I looked at the birds again. I said yes to her deal because of the birds at that moment more than anything else. More than my love for Sophie, more than our friendship. How the birds dipped and swooped beautifully as one; all consummate faith in one another’s movements. Not having to think if going left was correct because going left was the only direction in their one grand mind then. Consummate faith. Sureness that if I ever did have something I wanted desperately, someone would care enough to work hard, perhaps even harder than I myself, to bring it about. Complete faith that they’d not ask me to do something beyond my powers for them. Like birds flying together.

“It’s a deal.”

As we shook, she craned her head back toward the tin-colored sky and said loudly, “Dick, you’re the witness. You heard every word.”

We joined hands and walked back down to Club Dread.

In the years since, neither of us had made our formal wish. Thus the moment on the hill sank back into a pleasant snapshot in my mind’s photo album. Remember that afternoon? That bench? That’s where we made our pact. Just like kids.

Only it wasn’t like kids today. Sophie was calling in the IOU, and the tone of her voice said she meant it.

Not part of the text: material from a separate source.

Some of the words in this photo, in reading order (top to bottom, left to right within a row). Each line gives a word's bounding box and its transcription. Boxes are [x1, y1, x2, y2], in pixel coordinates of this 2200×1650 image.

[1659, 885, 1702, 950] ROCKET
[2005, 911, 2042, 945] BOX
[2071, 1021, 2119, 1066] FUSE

“Look, Wyatt, there are now only three people in the world who matter to me. You, my brother, his wife. If I were to lose Jesse, that would take away a third of the loves I have left. If I don’t go over there to look for him, I’ll hate myself forever. But I don’t trust myself in situations like this. I get crazy and emotional and don’t have any calm places inside me to go and think or regroup.

“You do. You’re the king of cool and order. I know how sick you are. Believe me, I know. I lived with Dick, remember, right up till the end. I’ll take care of you. I swear to God I will, but I need you to go with me. If you do… Come on, you can understand.”

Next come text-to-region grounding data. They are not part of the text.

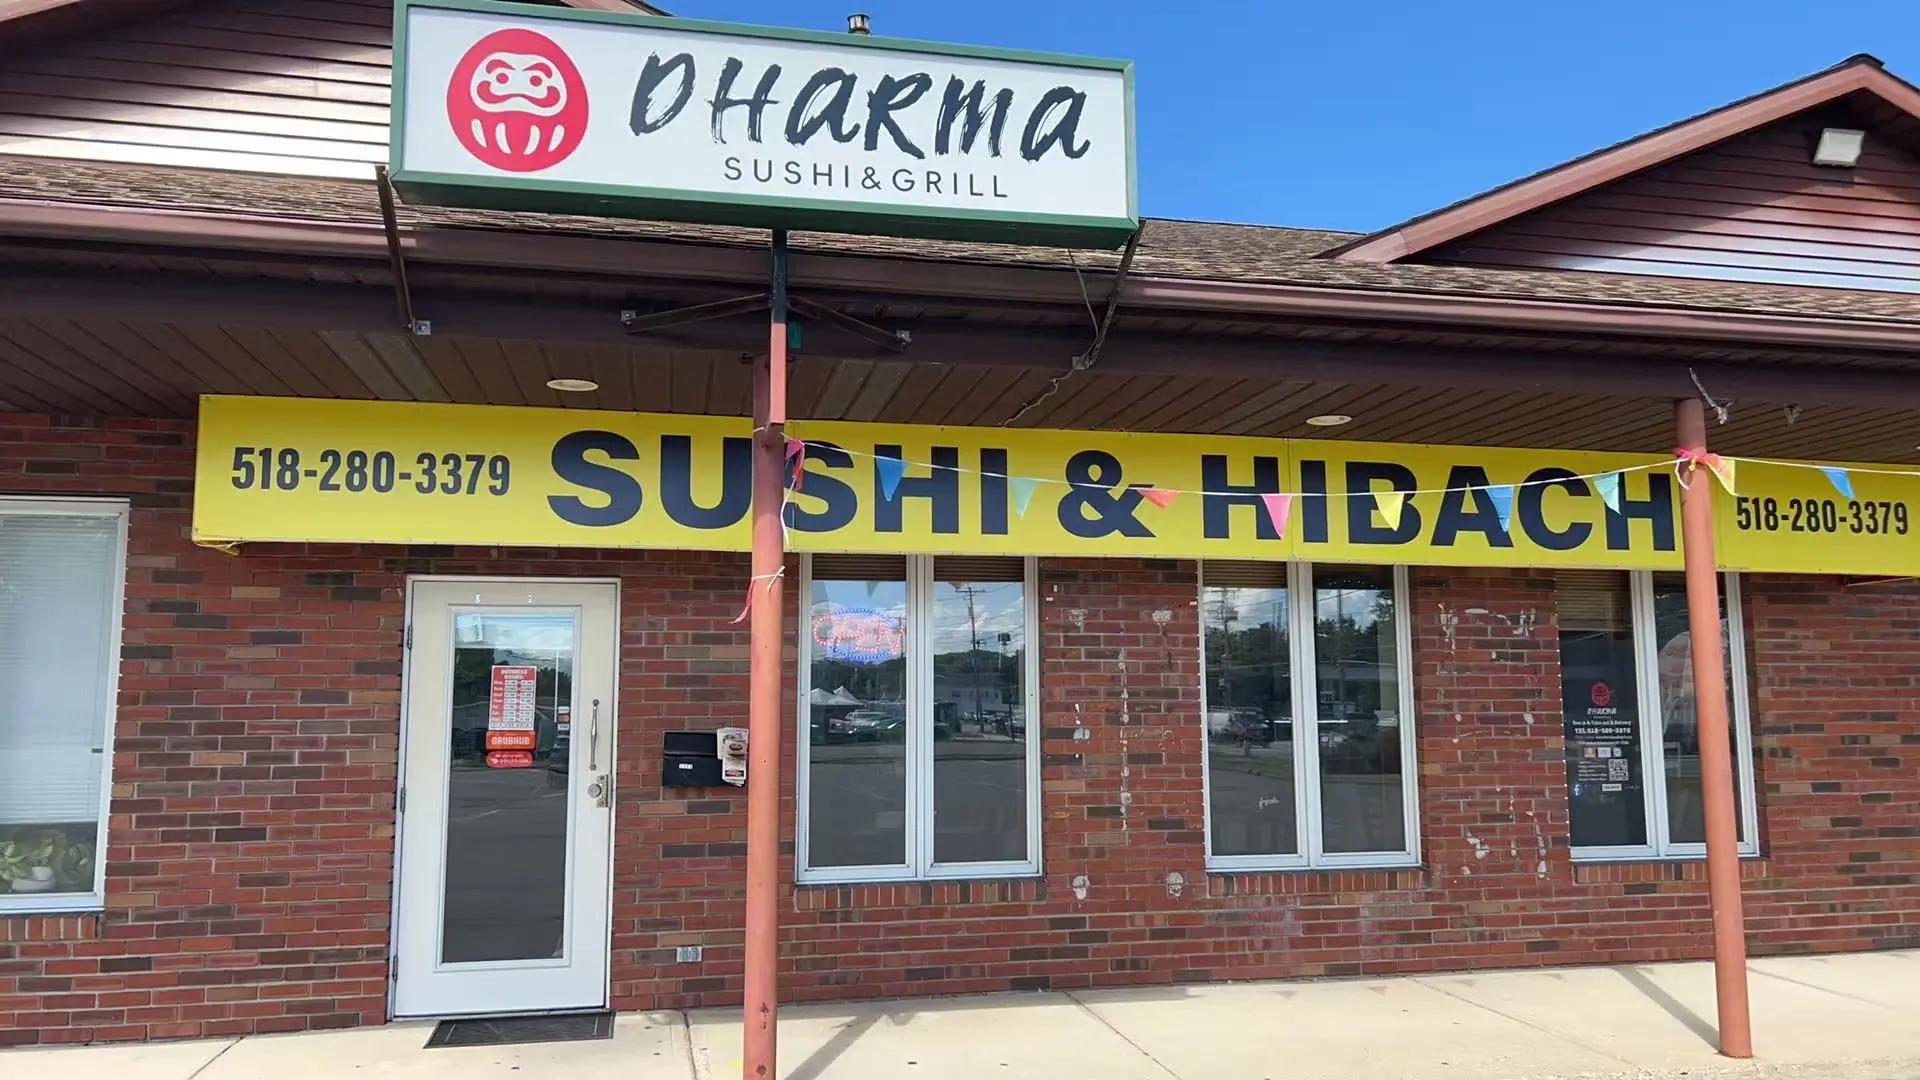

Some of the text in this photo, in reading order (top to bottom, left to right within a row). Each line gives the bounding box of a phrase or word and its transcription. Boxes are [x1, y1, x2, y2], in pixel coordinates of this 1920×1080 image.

[628, 50, 1091, 162] DHARMA
[723, 156, 1009, 198] SUSHI&GRILL
[231, 446, 511, 497] 518-280-3379
[547, 429, 1677, 552] SUSHI & HIBACH
[1736, 496, 1909, 535] 518-280-3379
[491, 736, 531, 746] GRUBHUB

“I understand, but I don’t want to go. You’re creating an impossible situation—a choice between our friendship and what’s left of my health. I’m dying, and a trip like this will exacerbate things. That’s how I feel. If you insist, I’ll go. But I don’t want to and I resent you for it. There’s nothing else to say.”

Her voice came out as hard and cold as mine. “Fair enough.”

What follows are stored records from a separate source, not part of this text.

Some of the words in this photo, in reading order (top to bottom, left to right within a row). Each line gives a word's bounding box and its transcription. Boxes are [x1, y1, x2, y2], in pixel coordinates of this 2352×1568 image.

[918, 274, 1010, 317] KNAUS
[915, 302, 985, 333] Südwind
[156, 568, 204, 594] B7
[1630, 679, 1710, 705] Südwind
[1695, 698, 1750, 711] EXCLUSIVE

I tried on words like Austria and pack your bag as if they were clothes I was modeling in a mirror. None of them fit. I felt odd and uncomfortable in all of them. How could I do this, friend or not? You’re dying, man! People with cancer of the blood do not get up and head for the airport.

Except me.

But indignant and worried as I was, I knew I had nothing else to do. Except die. Die comfortably and safely in familiar surroundings with all the best care in the world. If Sophie hadn’t called and made her demand, what would I have planned for the rest of that day? Or week or month? Take my pills and drops as directed? Read a few pages in the book I couldn’t get interested in, eat, make some phone calls? Such dreary, dreary stuff. If the last days of my life were so precious, why was I living them indifferently? I didn’t want to travel with Sophie because I was afraid of becoming gravely ill in another country, but what difference would that make? I’d recently watched a television biography of the composer Frederick Delius. Told he was going blind, Delius had friends lead him up a favorite hill at daybreak so that he could watch the sun rise for one of the last times in his life. I loved that moment in the show, and whether or not it was true, I believed it. Now I was in much the same situation. Only when I was offered the chance to see great and possibly important things for the last time, I cringed and whined. I wanted my bed, my doctor, the dumb book on the living room table that had bored me from the first moment I’d picked it up.